[GIVEN ENTRIES Boundary: Start]

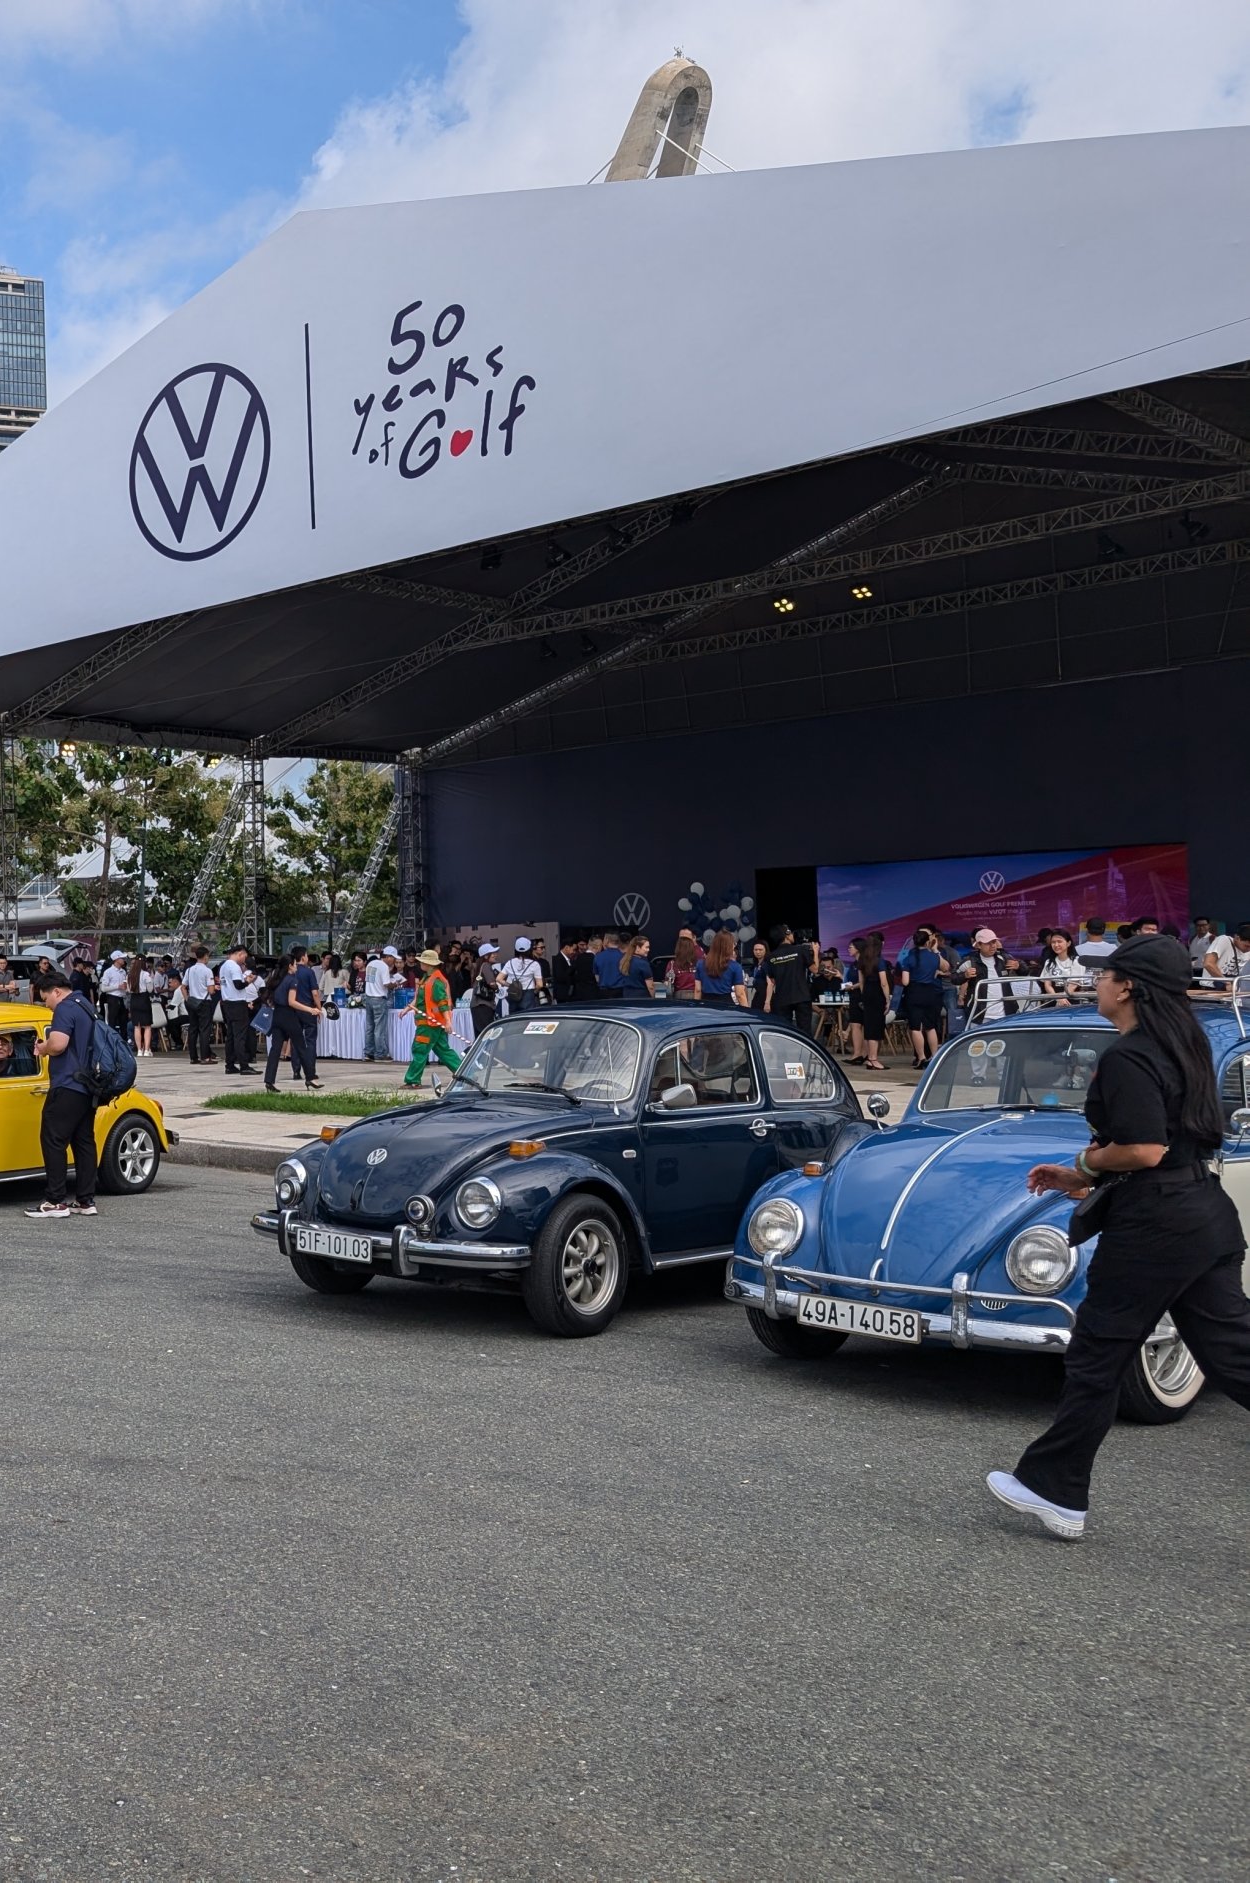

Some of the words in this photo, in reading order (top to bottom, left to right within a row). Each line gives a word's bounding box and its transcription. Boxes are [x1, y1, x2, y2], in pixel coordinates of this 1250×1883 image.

[387, 300, 465, 376] 50
[368, 421, 396, 466] of
[299, 1230, 369, 1259] 51F-101.03
[802, 1298, 916, 1338] 49A-140.58
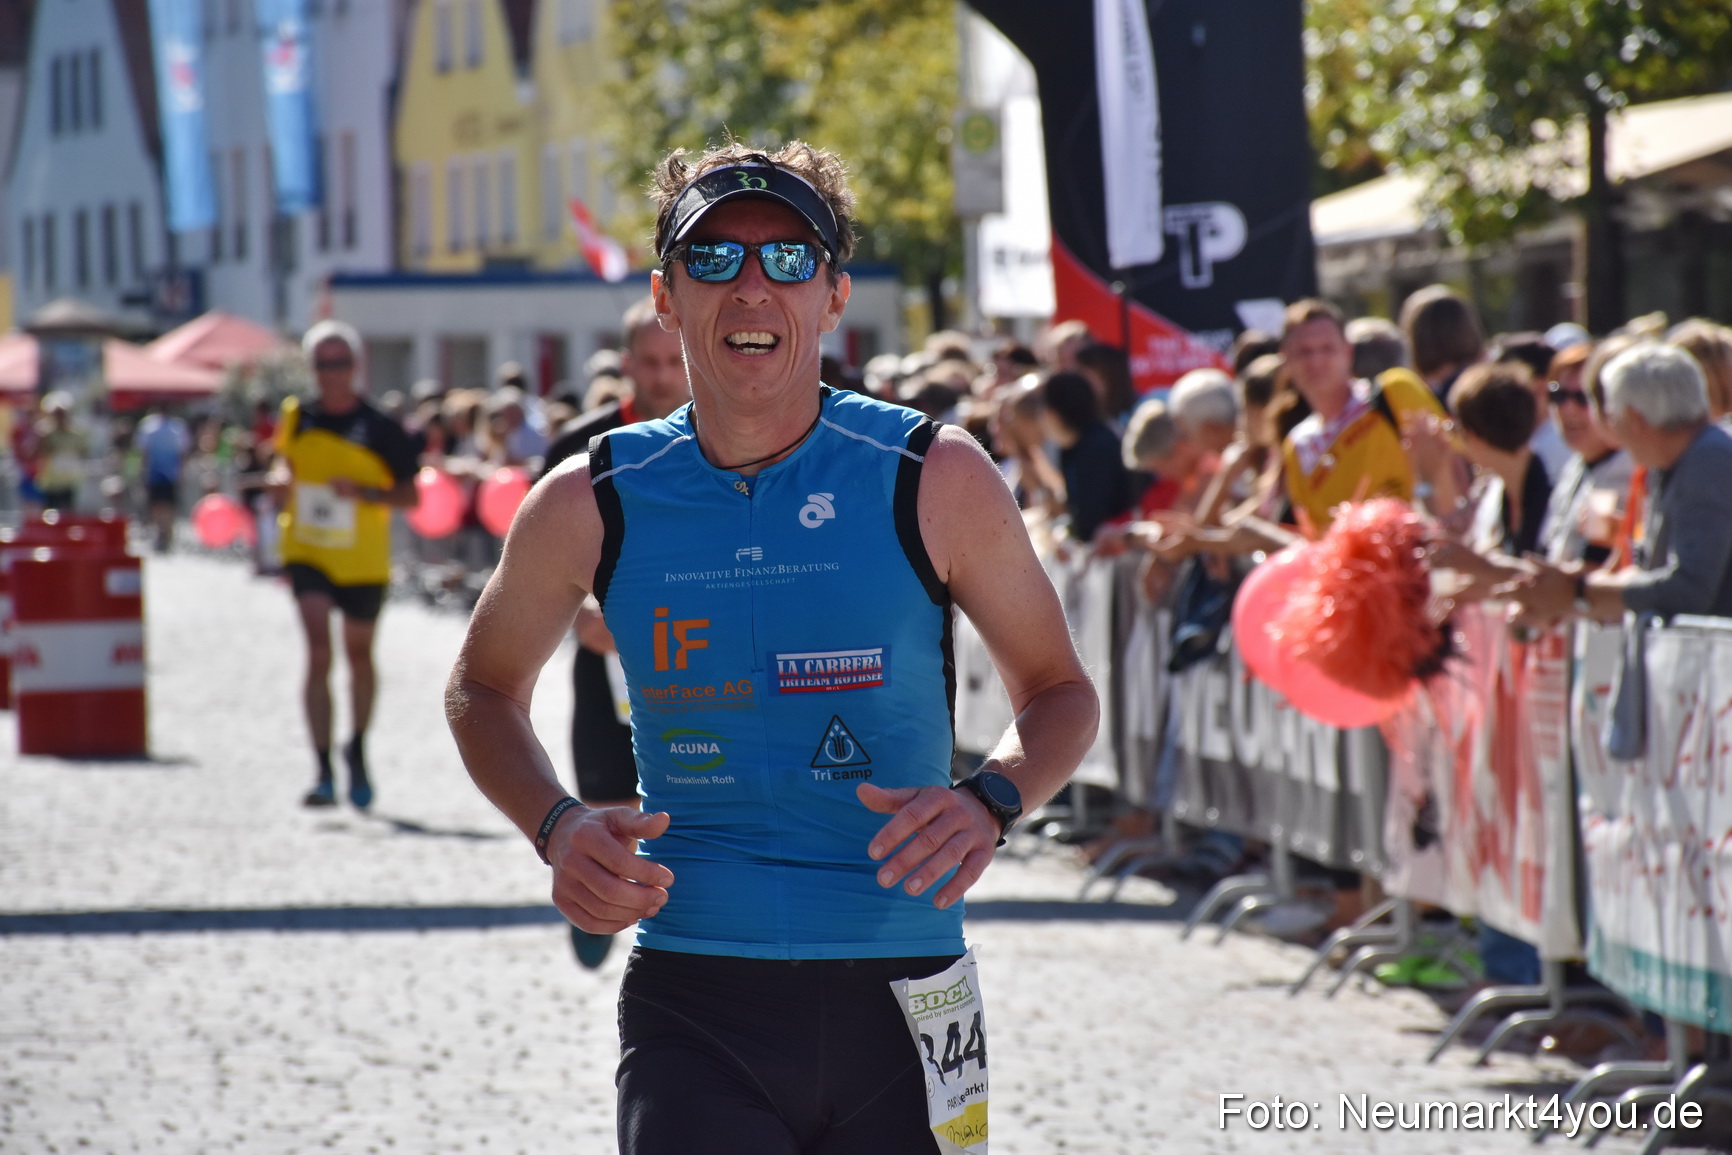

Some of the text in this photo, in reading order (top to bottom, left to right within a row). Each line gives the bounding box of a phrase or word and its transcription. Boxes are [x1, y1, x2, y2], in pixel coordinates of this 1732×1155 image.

[664, 570, 732, 582] INNOVATIVE
[777, 655, 883, 677] LA CARRERA
[722, 679, 753, 696] AG
[779, 672, 883, 688] TRITEAM ROTHSEE
[669, 742, 721, 754] ACUNA
[665, 774, 735, 785] Praxisklinik Roth
[543, 798, 577, 834] PARTICIPANT
[908, 975, 973, 1016] BOCK
[915, 1013, 934, 1022] pired
[934, 1011, 942, 1019] by
[943, 1005, 960, 1015] smart
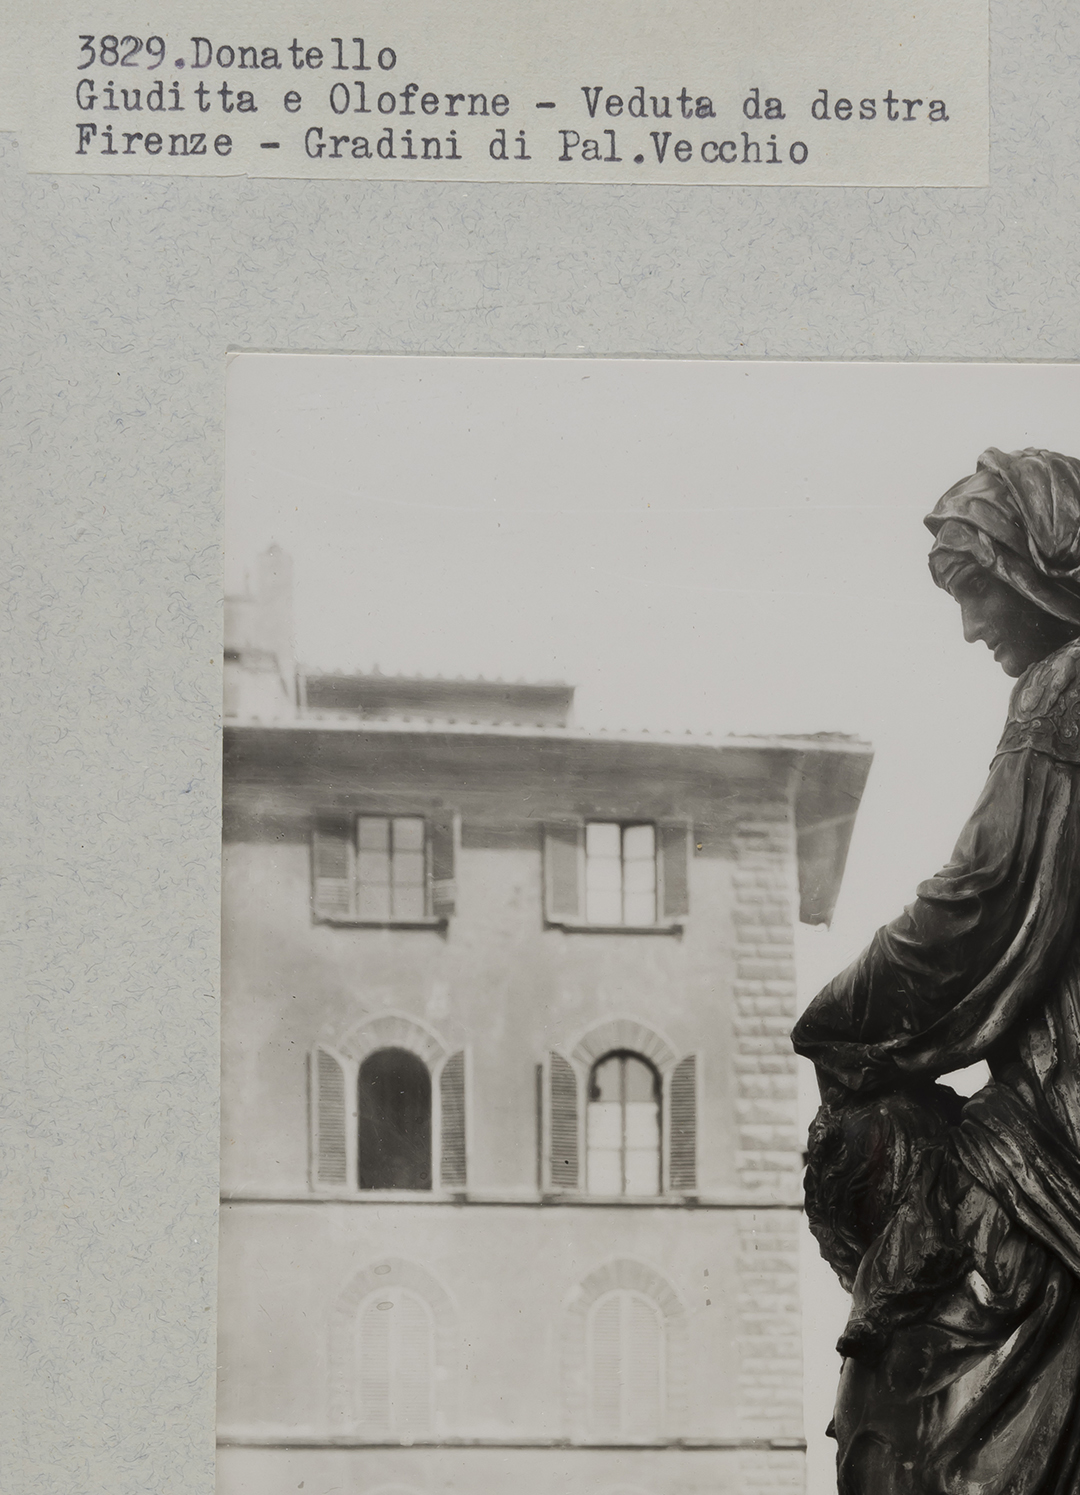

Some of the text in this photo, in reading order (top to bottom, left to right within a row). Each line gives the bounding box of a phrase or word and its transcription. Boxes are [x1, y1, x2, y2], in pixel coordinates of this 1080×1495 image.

[GIVEN ENTRIES Boundary: End]

TASK TO COMPLETE:
If you see a picture in the listing, skip it while copying everything else exactly.

SOLUTION:
Some of the words in this photo, in reading order (top to bottom, left to right within a row). Each line gives a word's bounding box and its transcription. Boxes are [x1, y1, x2, y2], in pixel coordinates of this 1250×1883 image.

[387, 300, 465, 376] 50
[368, 421, 396, 466] of
[299, 1230, 369, 1259] 51F-101.03
[802, 1298, 916, 1338] 49A-140.58

Some of the text in this photo, in reading order (top to bottom, left to right within a row). Each line gives the bounding box of a phrase or word and its transcription. Boxes are [x1, y1, x2, y2], in pixel coordinates of this 1732×1155 image.

[664, 570, 732, 582] INNOVATIVE
[777, 655, 883, 677] LA CARRERA
[722, 679, 753, 696] AG
[779, 672, 883, 688] TRITEAM ROTHSEE
[669, 742, 721, 754] ACUNA
[665, 774, 735, 785] Praxisklinik Roth
[543, 798, 577, 834] PARTICIPANT
[908, 975, 973, 1016] BOCK
[915, 1013, 934, 1022] pired
[934, 1011, 942, 1019] by
[943, 1005, 960, 1015] smart

Some of the text in this photo, in reading order (top to bottom, left to right within a row). Each line gives the bounding box of a phrase or word and its transcription. Boxes are [x1, y1, x2, y2], in pixel coordinates of this 1080×1495 image.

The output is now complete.